■ **Task statement**: Without the pictures, copy all the entries below exactly.

■ **Material provided**:
= Beginning of Section =

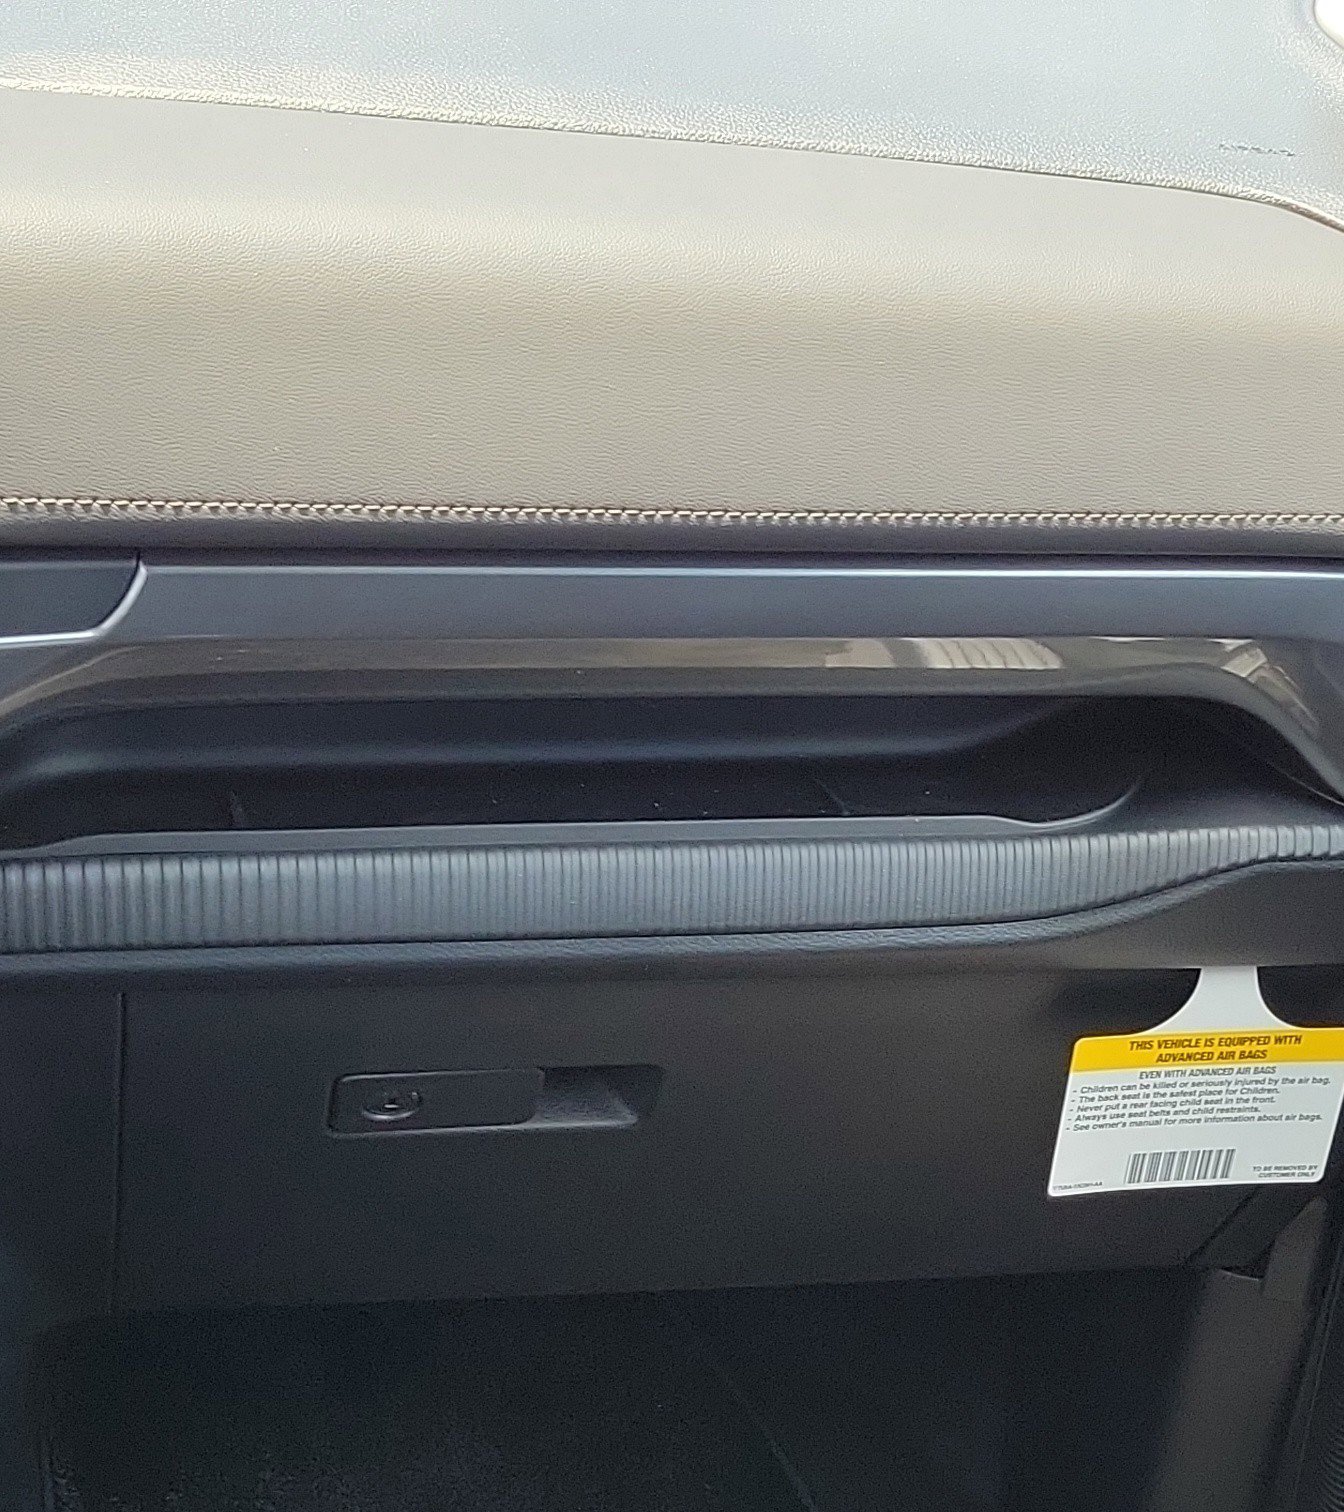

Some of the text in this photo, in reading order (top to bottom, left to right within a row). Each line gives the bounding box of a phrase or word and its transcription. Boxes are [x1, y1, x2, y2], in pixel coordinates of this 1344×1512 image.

[1130, 1035, 1302, 1051] THIS VEHICLE IS EQUIPPED WITH
[1156, 1050, 1268, 1063] ADVANCED AIR BAGS
[1139, 1066, 1276, 1080] EVEN WITH ADVANCED AIR BAGS
[1080, 1085, 1118, 1094] Children
[1153, 1081, 1176, 1089] killed
[1191, 1077, 1232, 1088] seriously
[1235, 1077, 1266, 1086] injured
[1268, 1077, 1279, 1086] by
[1282, 1076, 1295, 1084] the
[1312, 1077, 1331, 1085] bag.
[1098, 1094, 1119, 1102] back
[1169, 1089, 1196, 1098] safest
[1198, 1088, 1223, 1097] place
[1225, 1087, 1238, 1095] for
[1240, 1087, 1280, 1095] Children.
[1077, 1105, 1103, 1113] Never
[1105, 1104, 1120, 1113] put
[1150, 1100, 1177, 1109] facing
[1204, 1097, 1223, 1105] seat
[1236, 1096, 1249, 1104] the
[1075, 1113, 1106, 1122] Always
[1149, 1109, 1170, 1117] belts
[1192, 1107, 1214, 1115] child
[1092, 1121, 1126, 1129] owner's
[1129, 1119, 1161, 1127] manual
[1164, 1118, 1177, 1126] for
[1204, 1115, 1255, 1123] information
[1257, 1114, 1283, 1122] about
[1299, 1113, 1322, 1122] bags.

= End of Section =

■ **Output of the exercise**:
Some of the text in this photo, in reading order (top to bottom, left to right within a row). Each line gives the bounding box of a phrase or word and its transcription. Boxes are [x1, y1, x2, y2], in pixel coordinates of this 1344×1512 image.

[1130, 1035, 1302, 1051] THIS VEHICLE IS EQUIPPED WITH
[1156, 1050, 1268, 1063] ADVANCED AIR BAGS
[1139, 1066, 1276, 1080] EVEN WITH ADVANCED AIR BAGS
[1080, 1085, 1118, 1094] Children
[1153, 1081, 1176, 1089] killed
[1191, 1077, 1232, 1088] seriously
[1235, 1077, 1266, 1086] injured
[1268, 1077, 1279, 1086] by
[1282, 1076, 1295, 1084] the
[1312, 1077, 1331, 1085] bag.
[1098, 1094, 1119, 1102] back
[1169, 1089, 1196, 1098] safest
[1198, 1088, 1223, 1097] place
[1225, 1087, 1238, 1095] for
[1240, 1087, 1280, 1095] Children.
[1077, 1105, 1103, 1113] Never
[1105, 1104, 1120, 1113] put
[1150, 1100, 1177, 1109] facing
[1204, 1097, 1223, 1105] seat
[1236, 1096, 1249, 1104] the
[1075, 1113, 1106, 1122] Always
[1149, 1109, 1170, 1117] belts
[1192, 1107, 1214, 1115] child
[1092, 1121, 1126, 1129] owner's
[1129, 1119, 1161, 1127] manual
[1164, 1118, 1177, 1126] for
[1204, 1115, 1255, 1123] information
[1257, 1114, 1283, 1122] about
[1299, 1113, 1322, 1122] bags.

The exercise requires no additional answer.